Minutes before a crucial presentation, a dozen colleagues pace around a conference room making final adjustments to their design. They call up spreadsheets, graphic elements, and other data from their computer—but without a single tap at a keyboard or click of the mouse. The room itself is their link to their computer files, and with only a spoken command, the requested information appears.

Photo of Kevin DonohueIt may sound like something out of Star Trek, but so-called smart rooms—capable of recognizing human gestures and voice commands—will enable such a seamless human-computer interface, and such environments are not-so-distant reality.

While the majority of his colleagues at UK's Center for Visualization and Virtual Environments work on the visual aspects of smart-room technology, Kevin Donohue, associate professor of electrical and computer engineering, focuses on the audio component.

His research centers on microphone arrays, groups of synchronized microphones distributed within a room. Microphone arrays can record sound just like traditional single-element microphones, but unlike traditional mics, they also can record relative travel time from the sound source. Thus, they can distinguish where the sound is coming from within a room and distinguish between sounds from different sources.

Consequently, microphone arrays could eventually allow computers in smart-room applications to differentiate between the voice commands of different speakers—allowing each individual access to only his or her own files.

What's more, microphone arrays can follow sound sources, effectively providing a dedicated mobile microphone for each speaker in the room.
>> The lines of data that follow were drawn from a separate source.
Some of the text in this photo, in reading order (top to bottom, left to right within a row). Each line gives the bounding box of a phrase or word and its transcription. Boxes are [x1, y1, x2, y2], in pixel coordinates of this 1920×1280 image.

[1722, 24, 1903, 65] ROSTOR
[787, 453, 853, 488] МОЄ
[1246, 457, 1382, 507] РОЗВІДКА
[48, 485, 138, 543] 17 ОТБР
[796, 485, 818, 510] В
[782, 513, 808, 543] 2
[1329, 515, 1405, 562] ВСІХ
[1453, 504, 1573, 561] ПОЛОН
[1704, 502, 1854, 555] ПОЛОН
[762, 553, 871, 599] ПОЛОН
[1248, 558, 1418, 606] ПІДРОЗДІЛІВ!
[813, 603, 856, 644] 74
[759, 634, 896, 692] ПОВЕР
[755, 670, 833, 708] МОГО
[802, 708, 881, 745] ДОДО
The vocal amplification, in turn, increases the accuracy of the computer's word and voice recognition capabilities, which require high-quality signals for good performance.
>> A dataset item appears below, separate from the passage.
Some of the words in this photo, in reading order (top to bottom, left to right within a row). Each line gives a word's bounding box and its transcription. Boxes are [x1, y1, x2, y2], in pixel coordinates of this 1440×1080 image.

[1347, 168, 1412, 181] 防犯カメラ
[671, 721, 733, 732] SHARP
"Arrays can definitely result in a much clearer signal, which will certainly help with voice recognition and word recognition," says Donohue. "If we focus the array on the speaker, it has the ability to attenuate much of the unnecessary background noise and really clean up the sound."
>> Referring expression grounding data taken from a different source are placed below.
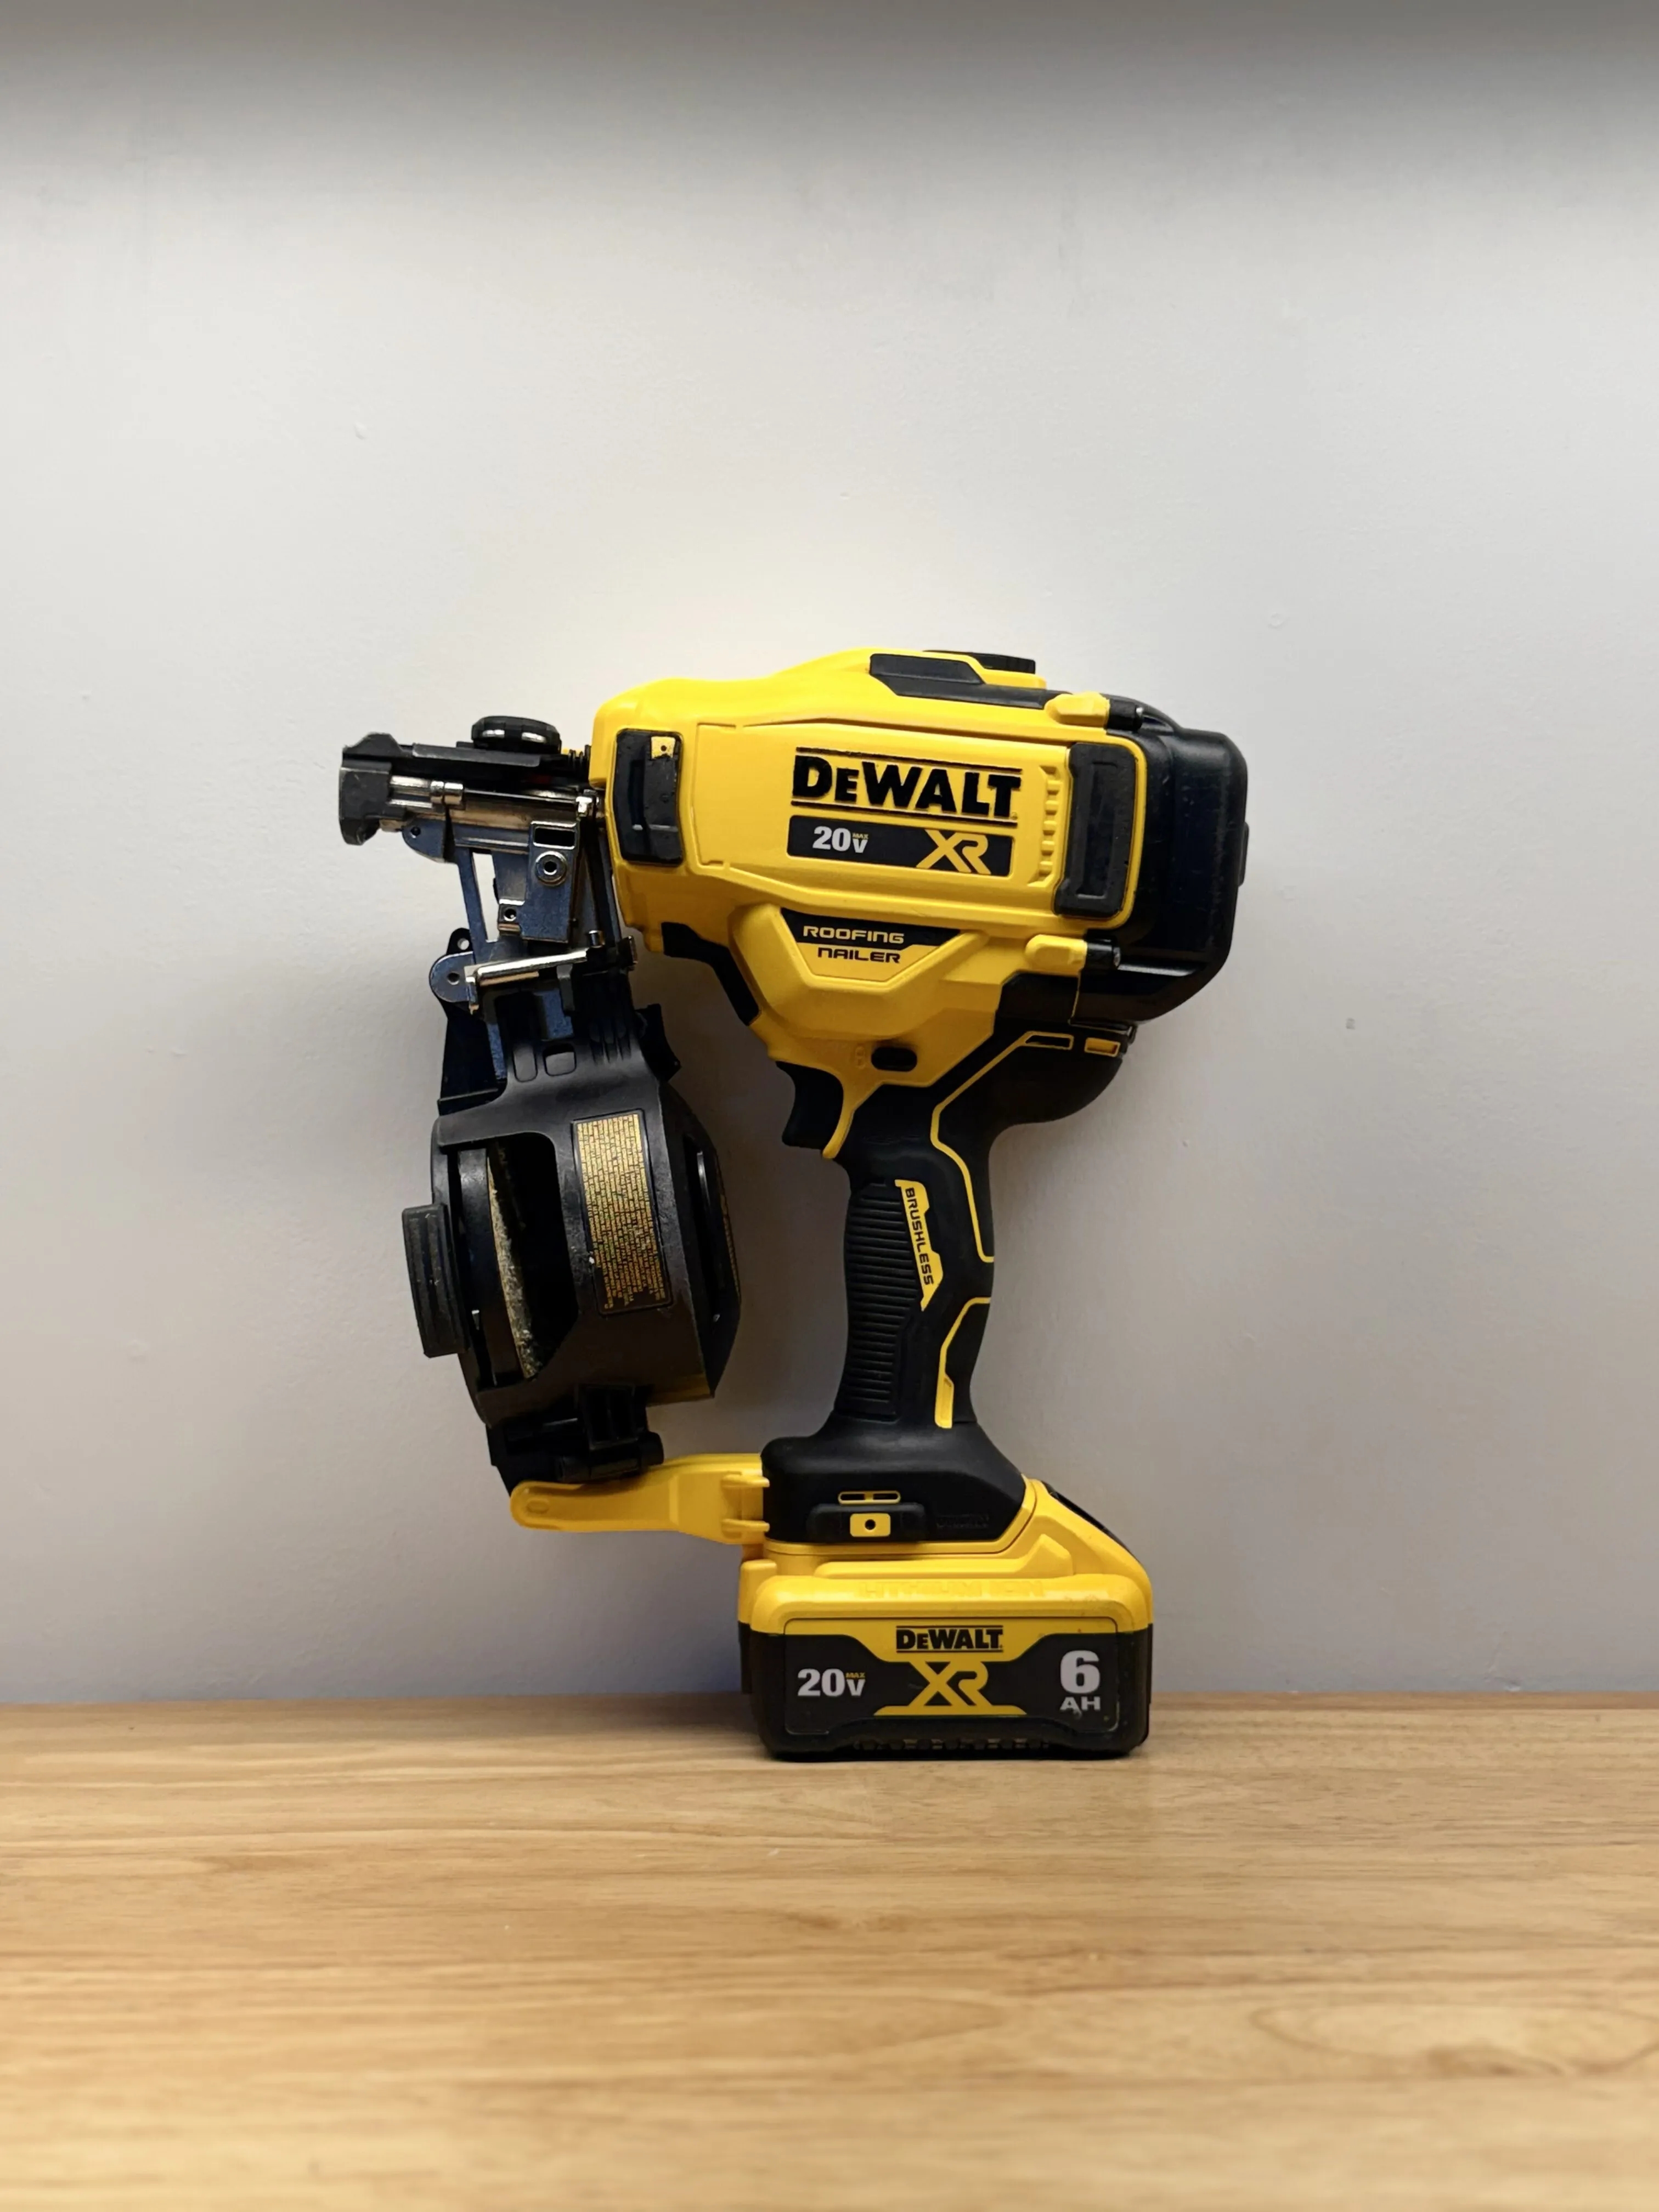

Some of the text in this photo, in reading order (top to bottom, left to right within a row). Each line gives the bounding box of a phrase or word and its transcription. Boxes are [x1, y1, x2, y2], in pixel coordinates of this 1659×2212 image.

[917, 829, 991, 875] XR
[803, 926, 904, 944] ROOFING
[818, 947, 900, 963] NAILER
[905, 1187, 934, 1285] BRUSHLESS
[905, 1661, 994, 1709] XR
[1060, 1650, 1101, 1694] 6
[1059, 1696, 1101, 1712] AH
So in our example of the dozen workers moving about the room shouting commands simultaneously, a computer equipped with microphone arrays wouldn't miss a beat.

Still in developmental stages, Donohue's research to date has utilized an eight-element microphone array. He hopes to eventually expand that to 1,000 microphones, a move that will necessitate employment of a 32-node parallelized computer cluster to process the hundreds of thousands of audio samples being taken in by the microphones each second.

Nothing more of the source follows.